俺は、俺のクラスメイトである氷川誠二を少し不気味に思っている。
それはきっと、氷川からの善意に見返りが見えないからだ。ぼっちといっても俺と氷川は違う。俺は友達を作れないのに対して、氷川は親しい友達を作っていないだけだからだ。コミュニケーション能力も、中の上の容姿もあり、その気になればクラスのトップカーストに食い込めるだろうに。
それを放り投げて、俺の手助けをしてくれている。それは、とても歪に思えてならない。
裏切る為の演技かと思ったことは何度となくある。だが、疑えば疑うほど、こいつの行動には善意と敬意をがあるのだとわかってしまう。
俺に敬意を抱くなど、そんな無意味な事をする奴には見えないのだが。
「なぁ氷川」
「ん?」
「なんで、俺に構うんだ?」
「...んー、きっかけはお前が凄い奴だって思ったからだよ。あの日の事故、俺は飛び出せる位置にいた。けど、足がすくんで立ち止まっちまった。だから、その勇気を俺は知りたかった」
「...んなもんねぇよ」
「いや、ある。考える前に体が動いていたんだろ?それは、お前の心の深い所にある勇気が体を動かした、俺にはそうとしか見えなかった」
「要するに、カッコいいって思ったんだよ。お前の事を」
その言葉に、返す言葉がある。
「それを言うなら、お前だってカッコ良かっただろうが」
「...あ、やっぱ覚えてた?恥ずかしいから忘れて欲しいんだけど」
「無理だ、あんなの忘れられるかよ」
それは、事故にあってすぐの事。
車に轢かれて足は妙な方向に曲がり、頭も打ってしまった。
激痛と目に入る血から、死んだかなぁと思ったその時。
声が聞こえた。
「飼い主さん!救急車呼んで!110番で!」
「う、うん!わかったし!」
「運転手さん、手を貸して下さい!彼の応急手当てをします!」
そんな声と共に、俺の体は仰向けにされ、足は正しい方向に直された。ネクタイを外され胸元を開けられたが、苦しみは減らなかった。

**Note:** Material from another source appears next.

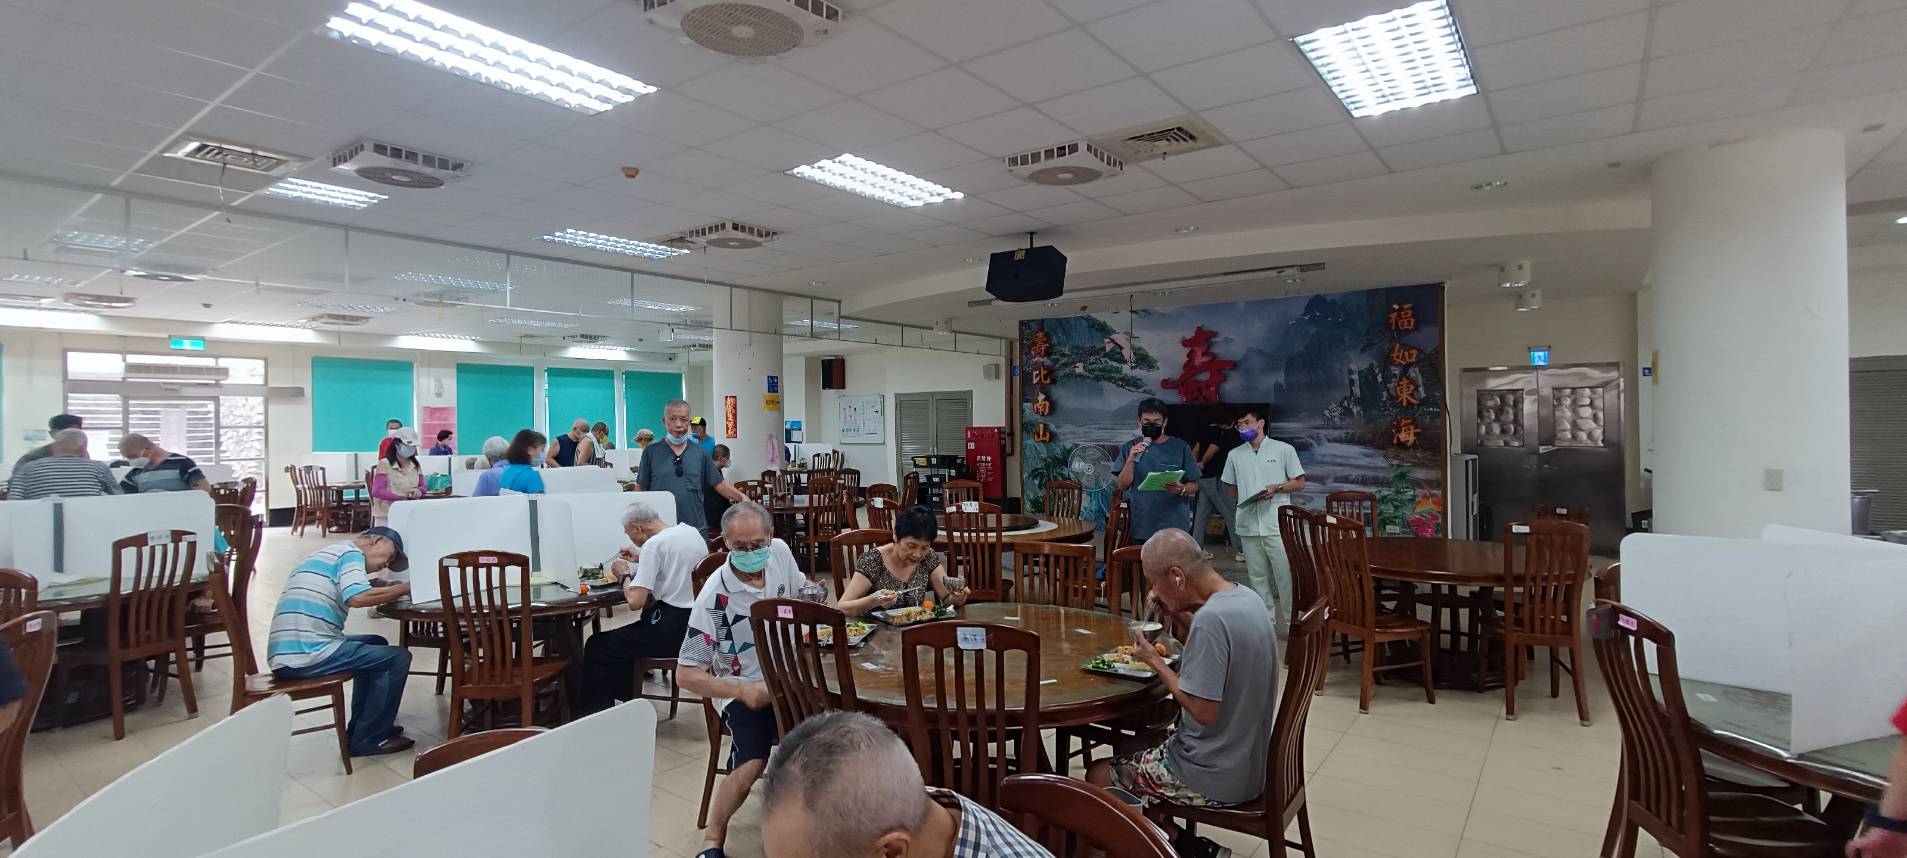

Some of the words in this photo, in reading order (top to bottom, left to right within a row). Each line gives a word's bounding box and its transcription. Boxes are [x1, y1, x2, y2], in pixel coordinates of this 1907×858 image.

[1031, 331, 1051, 442] 壽比南山
[1389, 304, 1420, 446] 福如東海

「運転手さんは止血を!ハンカチを当てて圧迫するだけでも変わります!...気道確保オーケー、意識あり、呼吸なし」
不意に、閉じる視界、息を吹き込まれると共に、詰まっていた呼吸が戻ってきたのを感じた。
「良し、戻ってきた!呼吸をしっかり!大丈夫、お前は助かる!だから、生きる事を諦めるな!」
霞んだ目で見たその顔は、命を助けるヒーローの顔だった。
「や、小町ちゃん。お兄ちゃん連行してきたよ」
「ありがとーございます!氷川さん!」
「うん、やっぱいつ見てもハッちゃんと小町ちゃんが兄弟には見えないわ。浮気疑ったほうがいいんじゃない?」
「ウチを家庭版案件のネタにするんじゃねぇよ」
家までついてきた氷川。いや、松葉杖の身では駅からの移動は辛かったのでありがたいが、やはり善意が慣れない。
こいつにはもう過剰なまでに貰ってしまっている、なら何かで返さないと帳尻が合わない。
「じゃ、今度MAXコーヒー奢ってくれや。ペットボトルで」
「邪教徒め」
「いいだろ別に、量飲むタイプだって悪くないだろ、健康以外には」
「いいじゃんお兄ちゃん、せっかくできた友達なんだし。あ、今の小町的にポイント高くない?」
「「...友達?」」
「あれ、氷川さんまでお兄ちゃんっぽくなってる」
酷くない?
「ま、いいや。また明日な、ハッちゃん」
「おー...ってバッグ持ってくんじゃねぇよ」
「すまん、忘れてた」
「うっかりさんなんですねー、氷川さんって」
そんな言葉と共に氷川は去っていく。
「うん、氷川さんがいるなら、お兄ちゃんの高校生活も安心だね!」
「...まぁな」
本日いきなり逃亡をかましてしまったのは黙っておこう。ぼっちに質問責めの対処とか無理なんだ、うん。
そんな、1日があった。
オリヒロインがいるのなら、オリ友達(未満)がいても良いはず!という妄想から生まれた話です。
ちなみに、オリ主こと氷川誠二くんは医者の次男坊。親からいざって時の対処法は仕込まれていたという設定。ただ、ヒッキーとは逆に文系(特に古文)が壊滅的で特進クラスに入れなかった経歴を持っている。